Their tool is a uniquely-named device that has been around for years and now plays a key role in a variety of business inspection services. The Forward-Looking Infrared camera, or FLIR for short, was first used by the U.S. military to follow infrared heat signatures. Today it fills a niche in a wide variety of industrial specialties ranging from breast cancer detection to pharmaceutical production and monitoring systems for bird flu.
In recent years scientists have realized it has another compelling use. Fitted with a special filter, it can help us see carbon emissions which are invisible to the naked eye.

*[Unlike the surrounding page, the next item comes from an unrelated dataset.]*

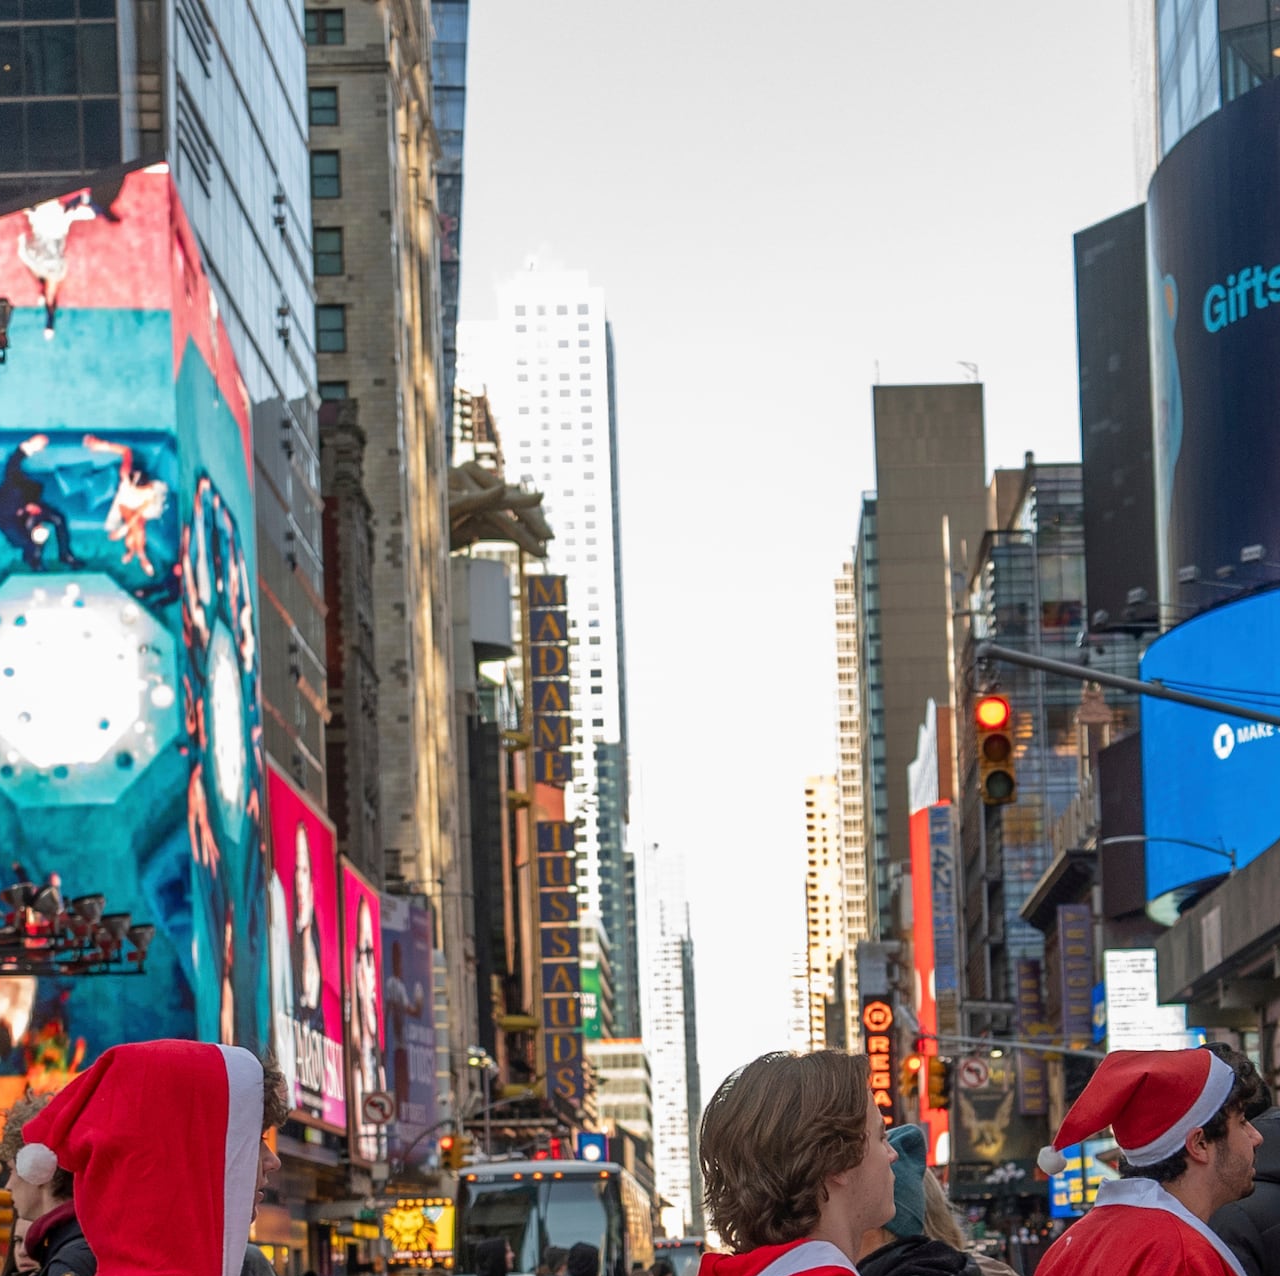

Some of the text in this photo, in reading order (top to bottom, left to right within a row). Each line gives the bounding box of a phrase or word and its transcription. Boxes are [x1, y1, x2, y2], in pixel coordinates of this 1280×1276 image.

“What the camera ‘sees’ when it shows a CO2 emission, is actually a drop in temperature of whatever is in the background where the gas is present,” explained John Cabrer, senior systems design engineer for MoviTherm, a company that specializes in advanced thermography solutions for businesses. Most of the time we can’t see the discharge that occurs from a jet plane’s engine as it’s taking off or landing. But the FLIR camera’s technology can isolate those emissions and make them visible.
“On a very simple level, we’ve used what’s called a band pass filter to highlight the presence of the CO2 within these existing heat signatures,” said Cabrer, who pointed out that the CO2 is actually mingling with the heat source, and that allows us to see the CO2. “As a result, images will appear [on film as] brighter and darker in otherwise homogeneous areas when CO2 is present in various concentrations.”
“Enabling people to visualize just what a ubiquitous part of their daily lives carbon emissions are, will hopefully inspire those same people to take action in their daily lives and fight to reduce those emissions,” Cabrer said.